Politiser le plaidoyer de l’ESS, création d’un gouvernement de l’ESS, défense de l’ESS comme optimum de l’entreprise moderne… Benoît Hamon confie à Ness quelle va être la tonalité de son mandat de président d’ESS France. Un entretien à lire ou à écouter.
Benoît Hamon entame son mandat de Président d’ESS France le 12 juin 2024, lors de l’Assemblée générale d’ESS France. Il succède à Jérôme Saddier qui aura réalisé deux mandats servant à réunir l’ensemble des composantes de cette économie sociale et solidaire autour d’un plaidoyer commun. Benoît Hamon a accepté de répondre aux questions de Ness à quelques jours de sa prise de fonction. Nous entamons notre discussion en revenant sur cette campagne où, pour la première fois, trois candidats étaient en lice : Benoît Hamon, Directeur général de Singa, Stéphane Junique, Président du Groupe VYV et Damien Baldin, directeur général de la fondation la France s’engage. Voici les principales verbatim du podcast.
Une campagne pas comme les autres…
« Une campagne comme celle-là, est très différente d'une campagne classique. D'abord parce que, au fond, le projet des candidats a été sensiblement le même puisqu'il avait été élaboré par les acteurs de l’ESS eux-mêmes - le conseil d'administration - et qu'il revenait ensuite de départager des candidats qui s'appuyaient tous sur ce patrimoine collectif.
C’est plutôt sain d'ailleurs d'avoir une sorte de fond de sauce commun. Chacun a ensuite exprimé, à travers sa personnalité, des sensibilités différentes sur l'approche du plaidoyer et la manière de fédérer l’ESS, sur les stratégies territoriales qu'on peut mettre en œuvre. Donc le profil, le tempérament même des candidats ont été un peu étalonnés, estimés, évalués par les membres du CA. Pour résumé, ce n'était pas une campagne en forme de compétition. Il n’y a pas eu de vaisselle cassée. »
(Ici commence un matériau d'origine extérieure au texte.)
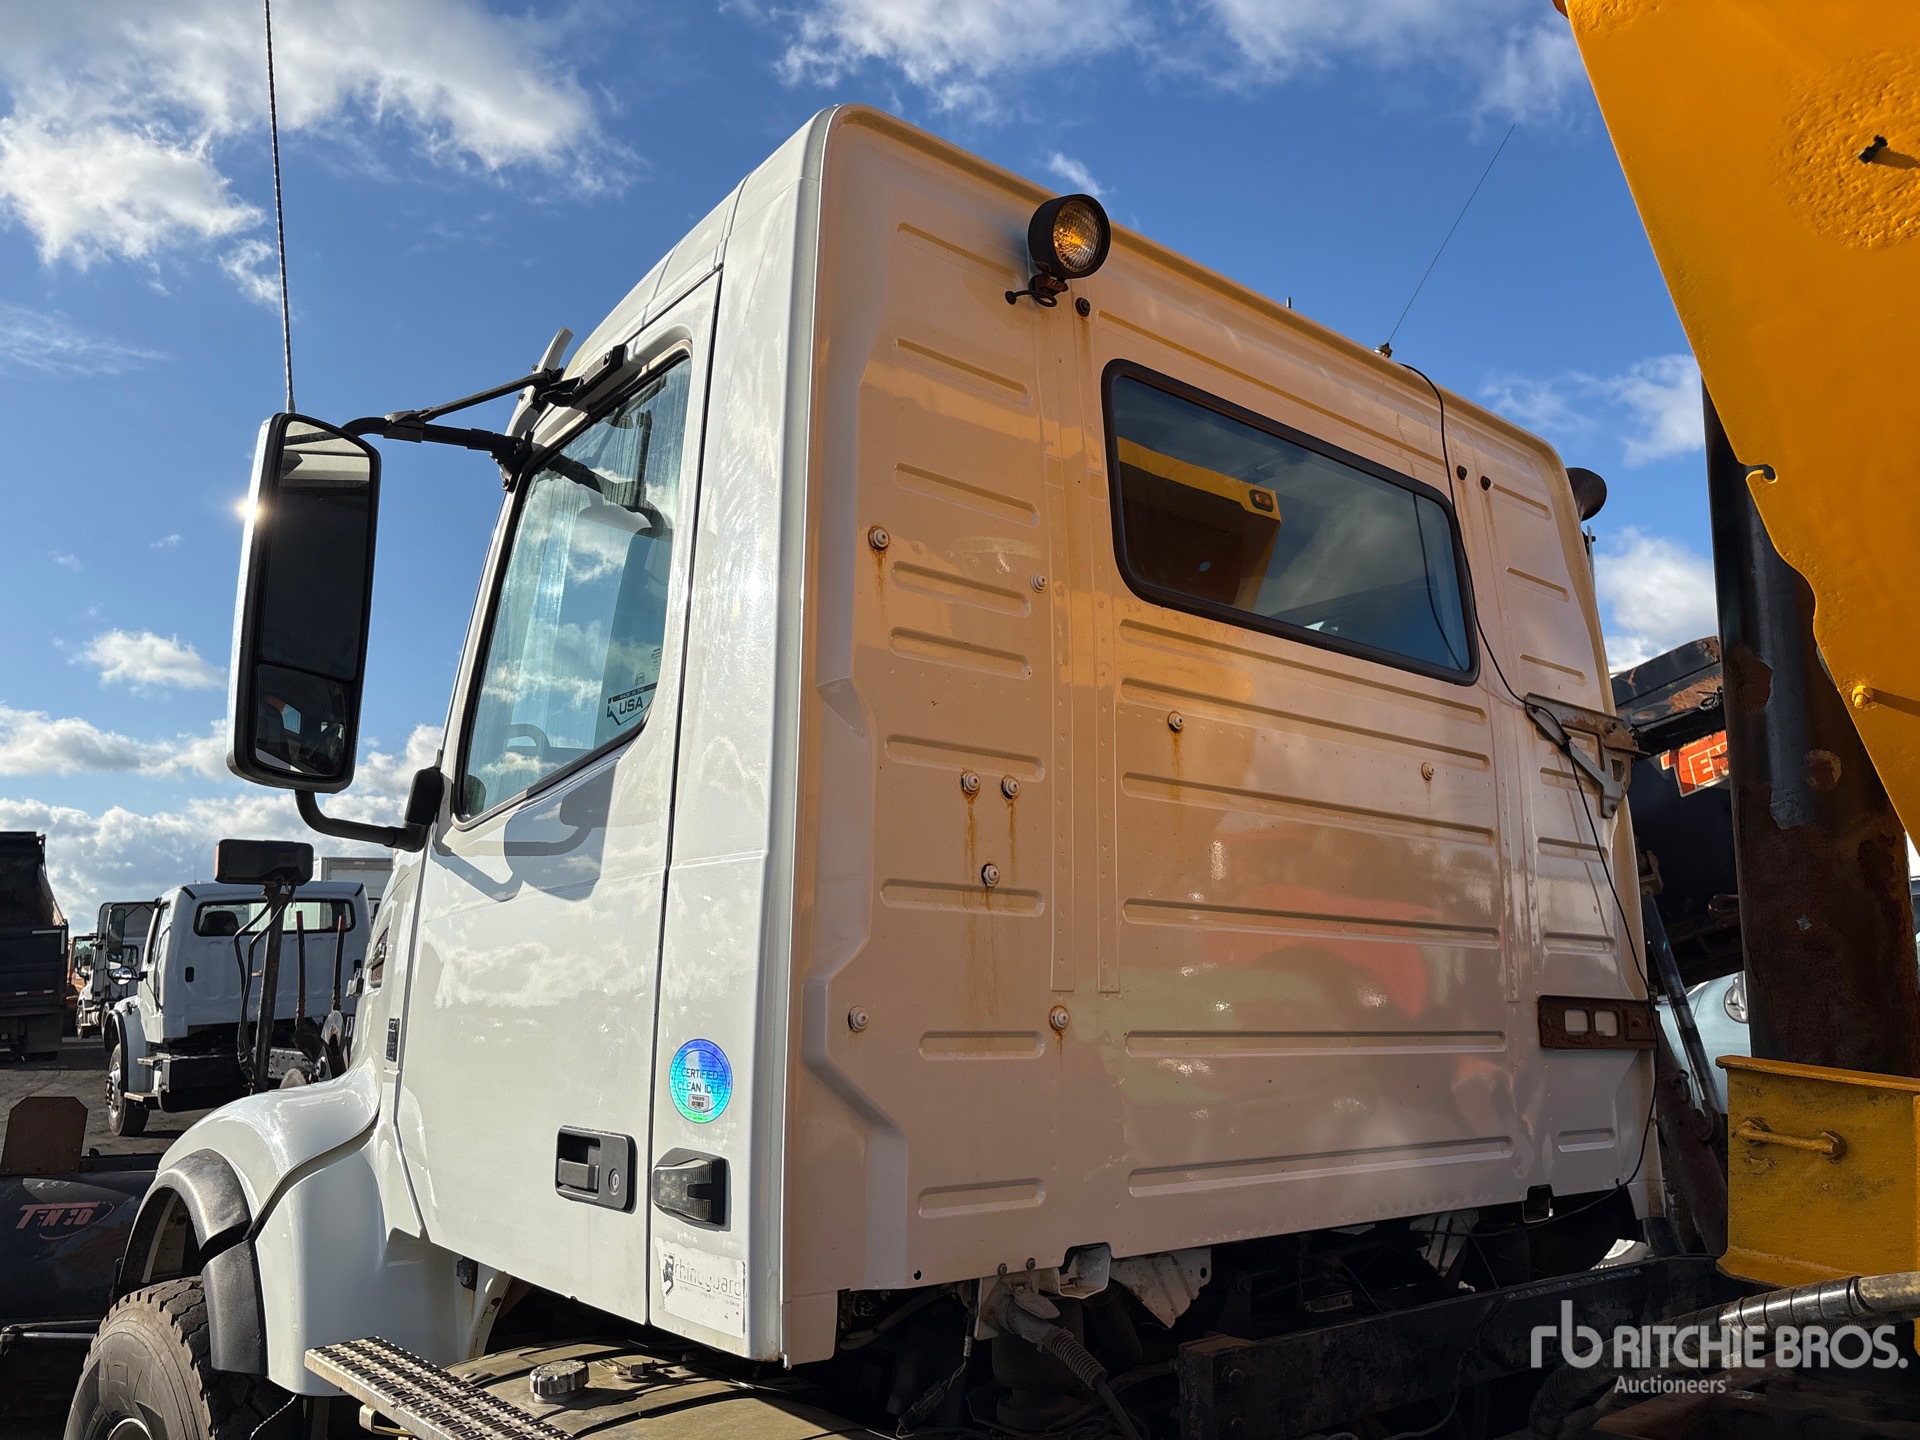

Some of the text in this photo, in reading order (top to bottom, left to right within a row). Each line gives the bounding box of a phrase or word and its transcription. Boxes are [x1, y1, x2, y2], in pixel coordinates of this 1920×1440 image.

[619, 696, 643, 715] USA
[681, 1067, 719, 1080] CERTIFIED
[677, 1080, 722, 1095] CLEAN IDLE
Sa décision d’être candidat…
« Ce qui a été crucial dans ma décision, ce sont les demandes de beaucoup d'acteurs de l’ESS de m'engager davantage, en particulier dans cette période et au regard du contexte politique sensible. C'est ce qui a fait évoluer ma réflexion jusqu’au – presque - dernier moment, parce que ce n'était pas une décision programmée. J’ai pris ma décision, dès lors que j'ai eu la certitude, en lien avec le conseil d'administration de Singa, avec mes équipes, de la compatibilité de ce mandat avec la fonction de directeur général de Singa, et qu'il m'est apparu que les arguments de ceux qui me demandaient d'y aller étaient fondés. »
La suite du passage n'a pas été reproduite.